Monday, September 3, 2018

Film Review: The Horn

Mountain rescue is a tough job.

People are lost. People are injured. People are dead. And the rescuers have to go out and try to deal with the situation in every condition imaginable. It is an incredibly difficult job. And in the United States most of the people involved in mountain rescue are volunteers.


In the Alps of Europe, things are different. People still get lost, people still get injured, and people still die, but those involved in mountain rescue are professionals. They have state of the art training, high-end helicopters and advanced rescue equipment. They are truly some of the best mountain rescuers in the world. And they have to be, because at the height of their season, a rescue team might see 20 calls in a day. It's no different than being a paramedic at a fire station in a small city!

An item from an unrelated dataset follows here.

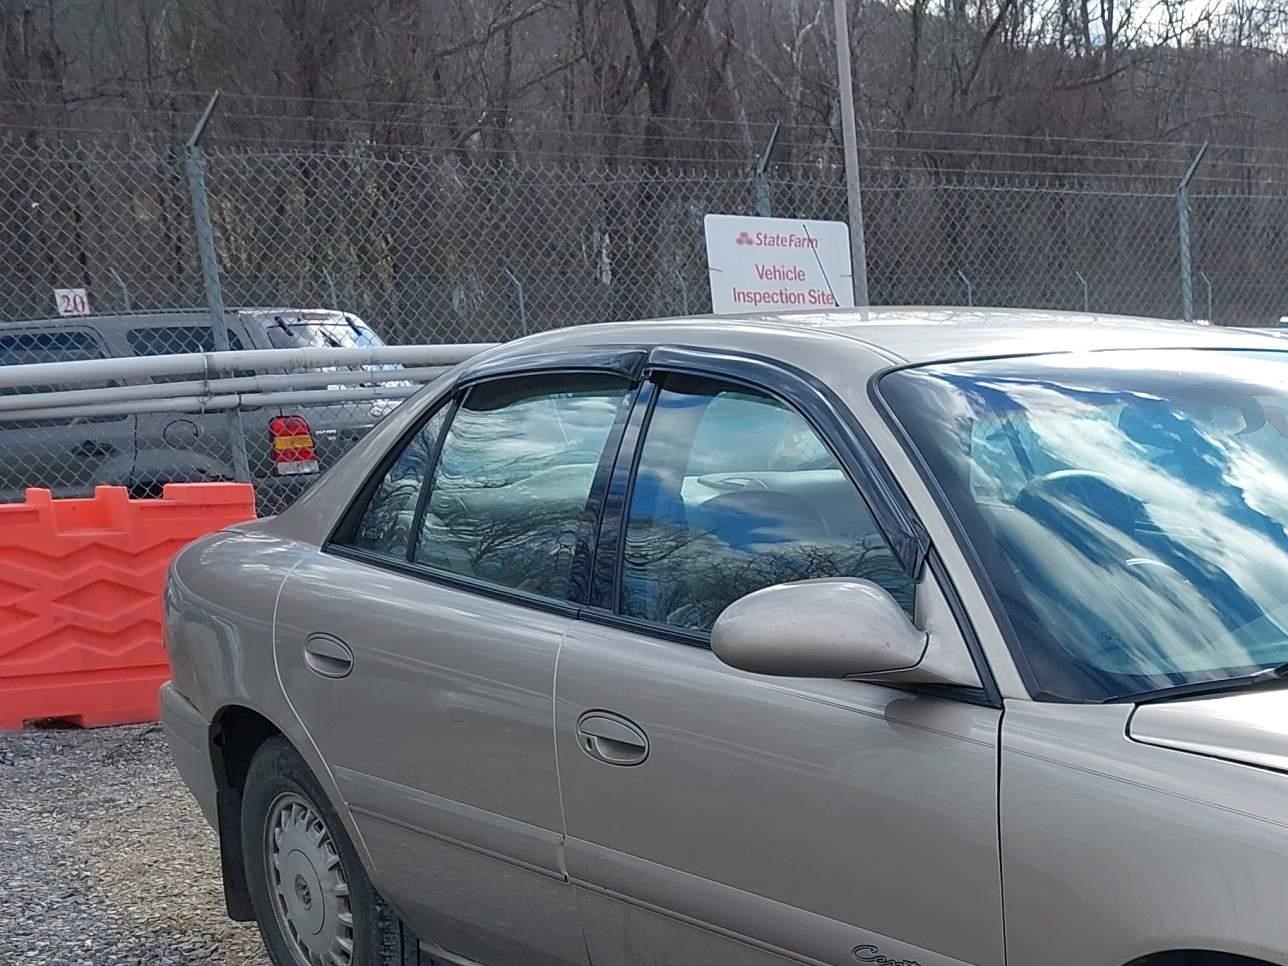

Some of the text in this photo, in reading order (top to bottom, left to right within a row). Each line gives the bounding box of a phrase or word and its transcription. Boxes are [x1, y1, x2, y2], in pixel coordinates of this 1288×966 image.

[755, 264, 806, 282] Vehicle
[61, 295, 85, 313] 20
[733, 287, 834, 306] Inspection Site

This is where The Horn -- an awesome documentary series on Netflix -- starts, at a the home base of Air Zermatt, a high-end helicopter equipped mountain rescue unit.

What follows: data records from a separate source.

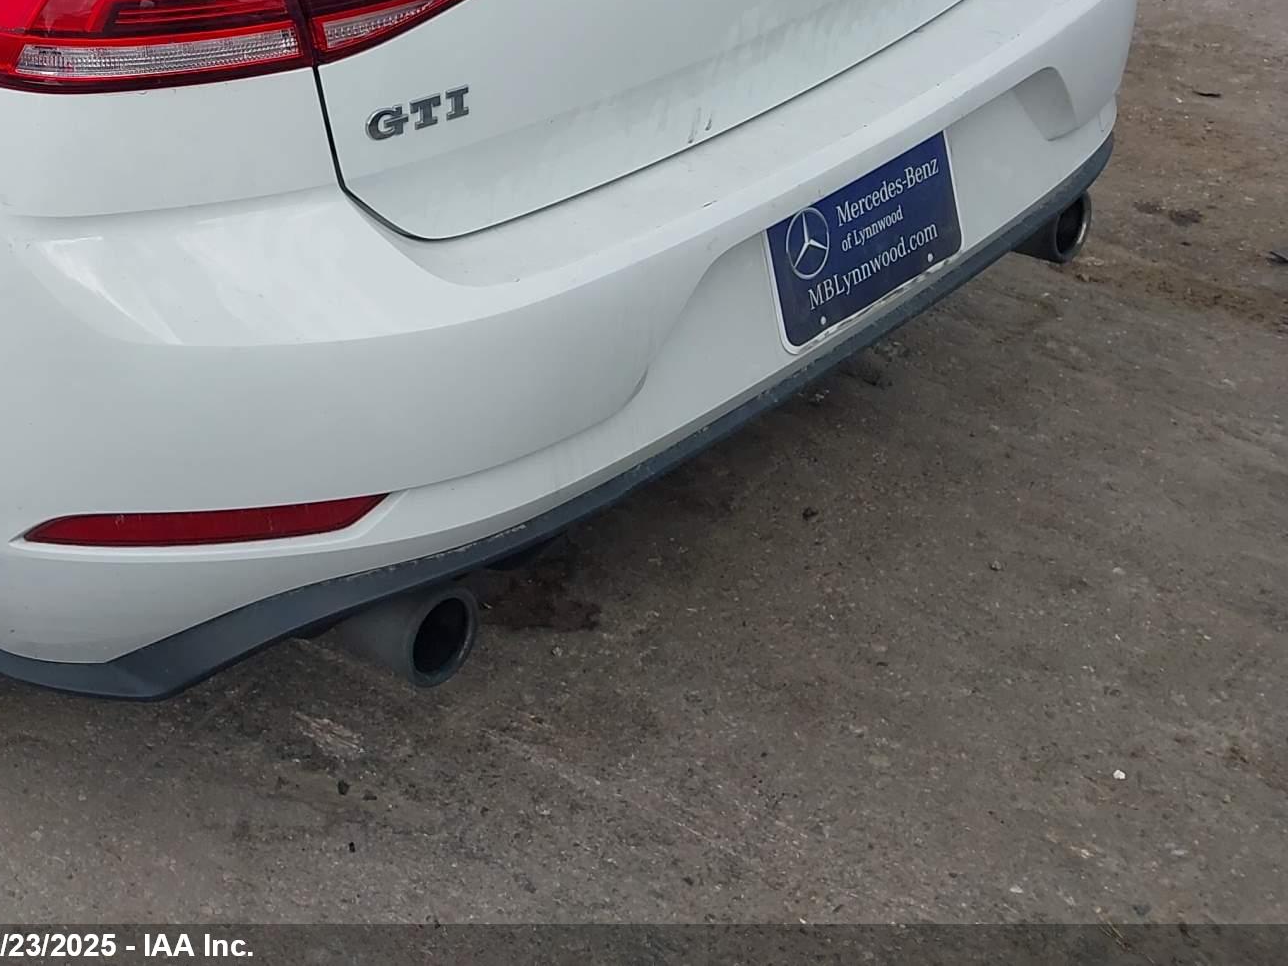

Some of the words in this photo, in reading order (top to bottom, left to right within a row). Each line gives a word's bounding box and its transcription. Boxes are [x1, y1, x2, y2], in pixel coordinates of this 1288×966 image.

[365, 84, 470, 141] GTI
[835, 157, 940, 227] Mercedes-Benz
[841, 233, 853, 252] of
[852, 204, 905, 247] Lynnwood
[807, 222, 939, 311] MBLynnwood.com

Air Zermatt is composed of pilots, doctors, mountain rescue specialists, paramedics, helicopter technicians and mountain guides. They are based at the foot of the Matterhorn in the mountain village of Zermatt, a place where thousands of people every year, climb, ski, base jump and get hurt in the mountains.

The team fluctuates between high-end, high-risk mountain rescues and ski accidents. But regardless of how a person got hurt, or the terrain their in, the team operates like a Swiss clock, perfectly in tandem with one another. It is incredibly cool to see a mountain rescue operation like this.



The Horn is produced by Red Bull TV, an online television platform. The movement of this series from Red Bull's high octane streaming website to Netflix is another demonstration of how outdoor adventure sports are slowly making their way into our national consciousness. It also brings forward the issues of risk that surround adventure sports. These issues can lead to some hard questions from the outside of the adventure sport world.

Whenever there is an accident in the mountains, people ask, "who's paying for this?" They ask, "who's paying for the rescues?" Their concern is that taxpayers are footing the bill for adventure sports. The downside to a series like this is that it does show flashy helicopters run by a private company that provides rescue services in the Alps. I can imagine the uninformed believing that this series is also reflective of how things operate in the United States.

It's not.

The Alps and rescue services there are completely different. As noted above, in the United States, rescues are primarily facilitated by volunteers. There are professional rescuers in the Untied States, and depending on the organization, some tax dollars may go to them. But even then, the bulk of the hours spent in rescues are still done by volunteers.

Regardless of the politics around rescue, one thing is clear. The Horn is a beautifully produced television series. The views of the mountains around Zermatt are incredible. The stories of the rescuers are incredibly engaging. And the tension around some of the things that the Air Zermatt team has to deal with is palpable. This is an incredible show, and well worth the time!